Unfortunately for soaking purposes, security features were added in 2009 to make soaking an unpleasant exercise. To further reduce counterfeiting scammers, current Machins come with a two-dimensional data matrix barcode.

Interestingly, I recently came across several copies of the blue 'E' value for Europe-bound mail, since discontinued. Who says Machins are boring?

Saturday 6 January 2024

Turn the Volume....DOWN....



 ....to avoid sensory overload, because this Youtube video is completely overpowering with its hard-driving Quincas Moreira soundtrack 'Chunk'. The visuals....the audio....both may have you banging your head against a hard surface. Why?

This video is the stamp cave of the videographer's 88 year-old father. Once I turned the volume down, waaaaay down/off, the visuals were stupefying (screenshots below).

I am often asked, "What am I supposed to do with your collection after you're gone?" (my favourite variation, "in case something happens to you" and I have the strong suspicion that if my collection gets too big something will happen to me. And of course my mind races to benevolent thoughts of some future family member lovingly poring over my work someday and thinking....

  • so that's how he spent his spare time?
  • what an amazing legacy he's produced for future generations!
  • these really are amazing miniature works of art!
  • how can we make a quick buck off this?
  • what day is recycling day?
I am in awe of the stamp cave this 88 year-old has created. Clearly, adding more binders and more shelves was more important than adding drywall over the vapour-barrier! There are at least three work surfaces, catalogues, mounts and other supplies hung nearby, and then there are...the binders!
So many binders. Everything is neat, labelled, organized and in order. Custom-made pages and labelling, and custom cardboard liners to keep the pages flat, made from cereal boxes. Hey, that's perfectly good cardboard!
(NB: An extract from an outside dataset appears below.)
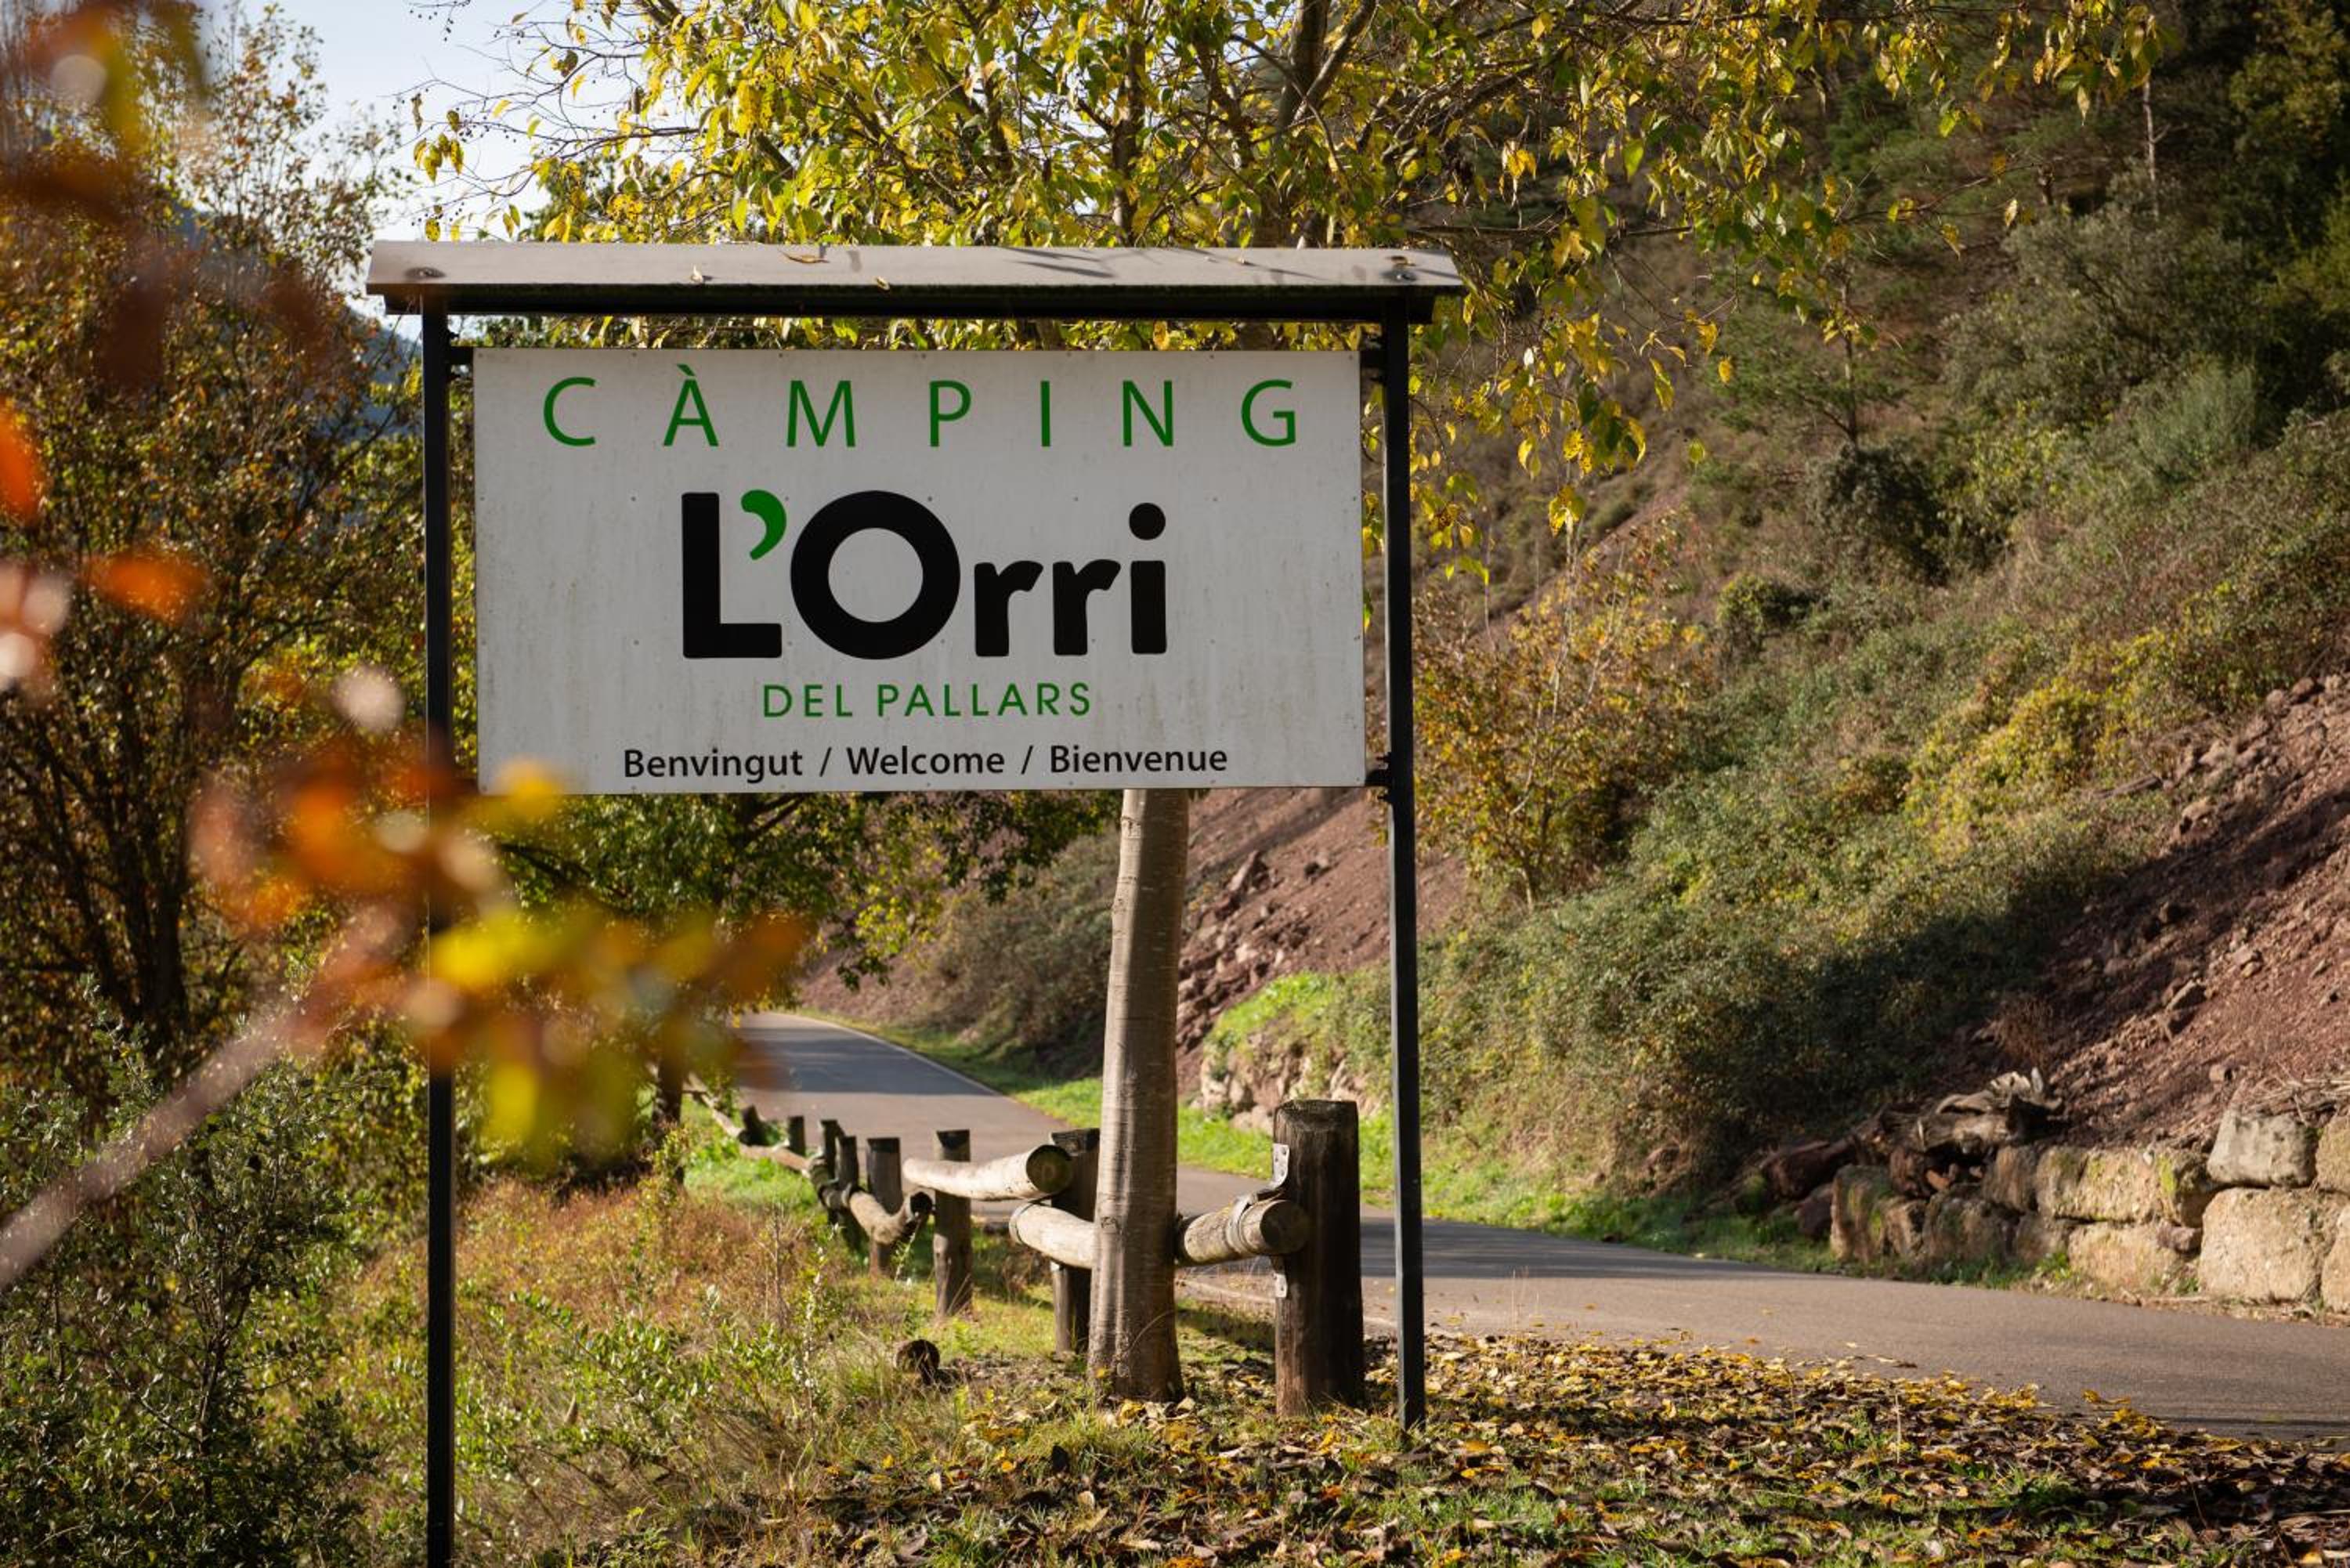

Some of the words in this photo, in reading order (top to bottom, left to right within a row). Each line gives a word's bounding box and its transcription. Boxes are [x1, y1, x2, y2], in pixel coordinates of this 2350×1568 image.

This looks like a full-time job for this gentleman. I not only mean the 88 year-old collector who died unexpectedly, no doubt "doing what he loved", but also his son whose duties include executing the stamp cave contents' disposition to someone else. The (SOLD) word in the title gives me some hope. The videographer/son's Youtube channel also includes a video called Marvel and DC Statue Room Tour, displaying his plethora of similarly nicely-displayed comic figures, so the collecting gene was strong!

I've stumbled on a Youtube video sub-genre I would call Overwhelming Stamp-Cave Room I Now Have to Deal With Views, with examples here and here and I'm sure the algorithm can find you many more to watch.

The original video really is worth watching. I am still in awe. And a little afraid for the future!